Pictures aside, can you reproduce the records word for word?

##########

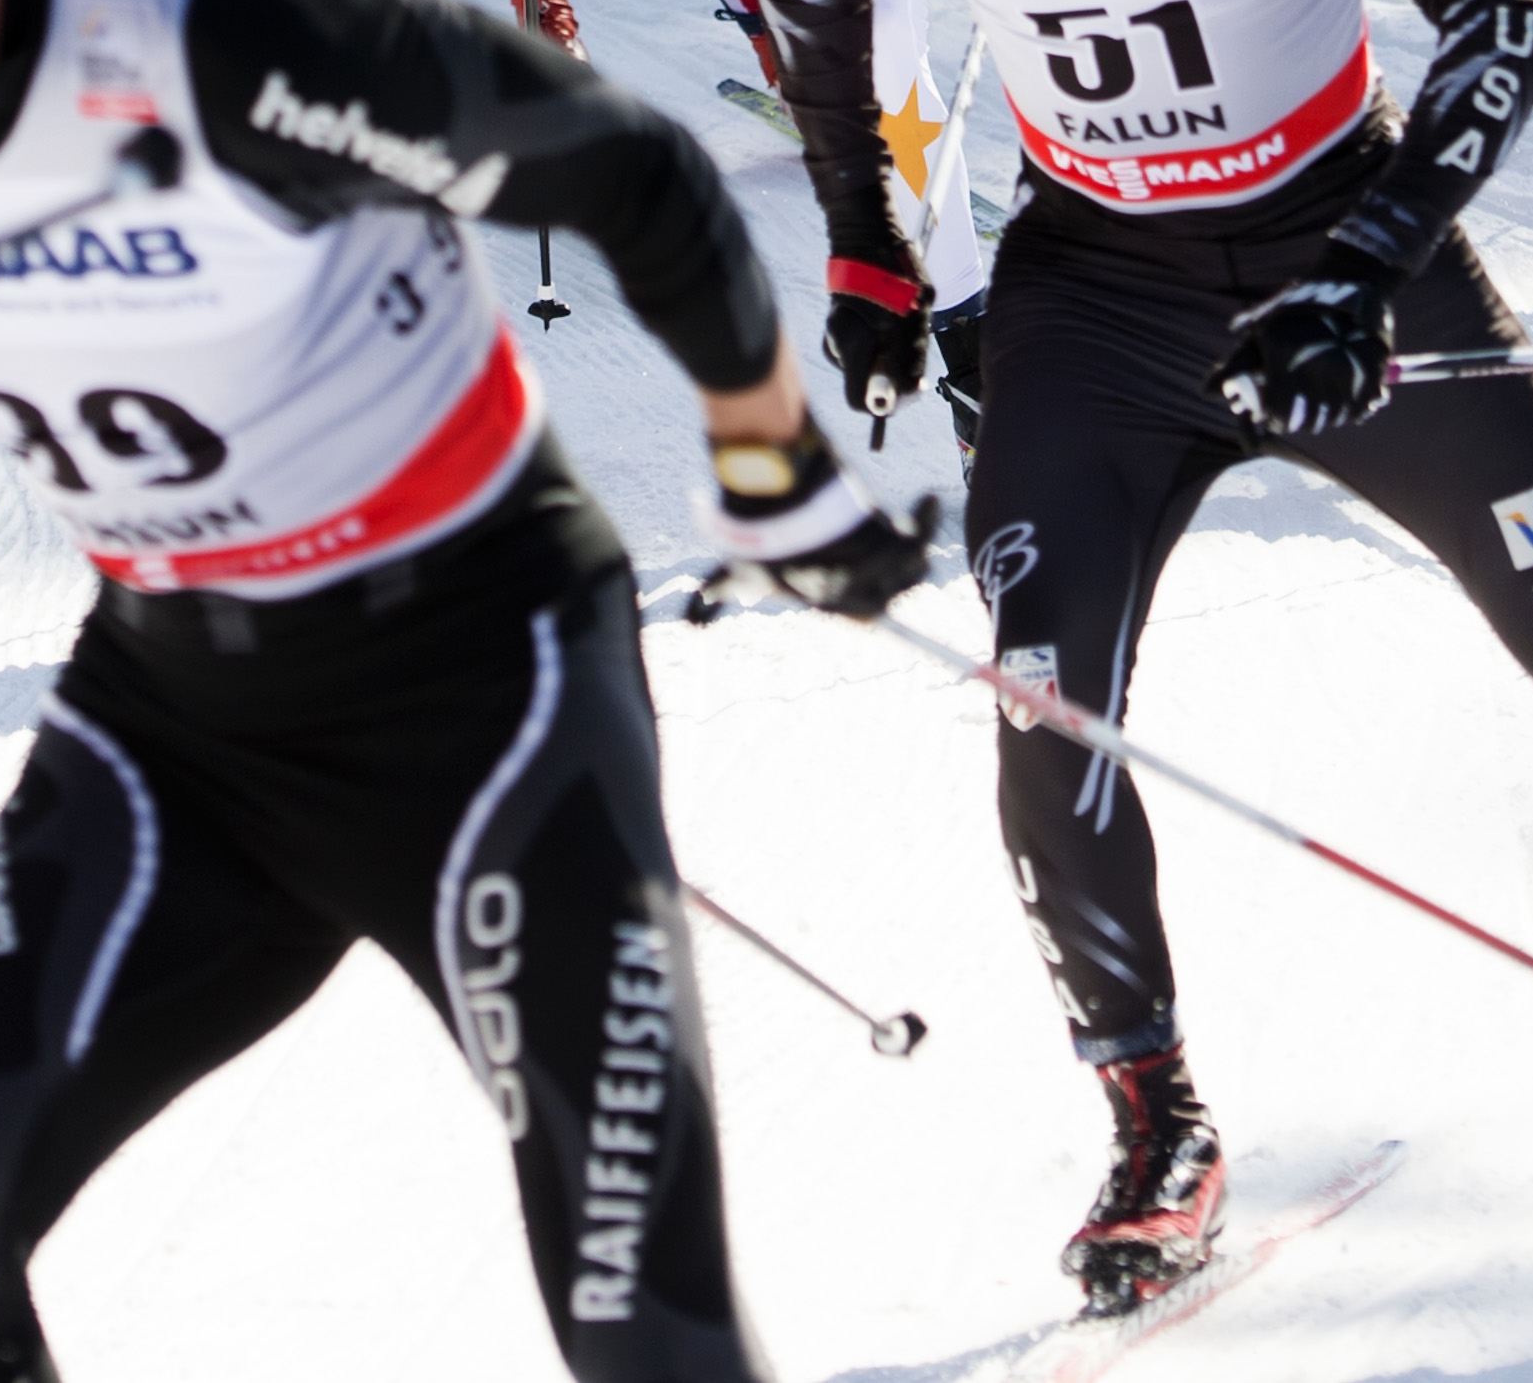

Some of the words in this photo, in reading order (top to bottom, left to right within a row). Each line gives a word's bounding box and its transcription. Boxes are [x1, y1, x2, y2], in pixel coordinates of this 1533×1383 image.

[1023, 0, 1216, 103] 51
[1046, 133, 1286, 201] VIESSMANN
[1055, 104, 1228, 146] FALUN
[573, 921, 674, 1322] RAIFFEISEN

##########

*Solution below:*
Some of the words in this photo, in reading order (top to bottom, left to right within a row). Each line gives a word's bounding box and its transcription. Boxes are [x1, y1, x2, y2], in pixel coordinates of this 1533×1383 image.

[1023, 0, 1216, 103] 51
[1046, 133, 1286, 201] VIESSMANN
[1055, 104, 1228, 146] FALUN
[573, 921, 674, 1322] RAIFFEISEN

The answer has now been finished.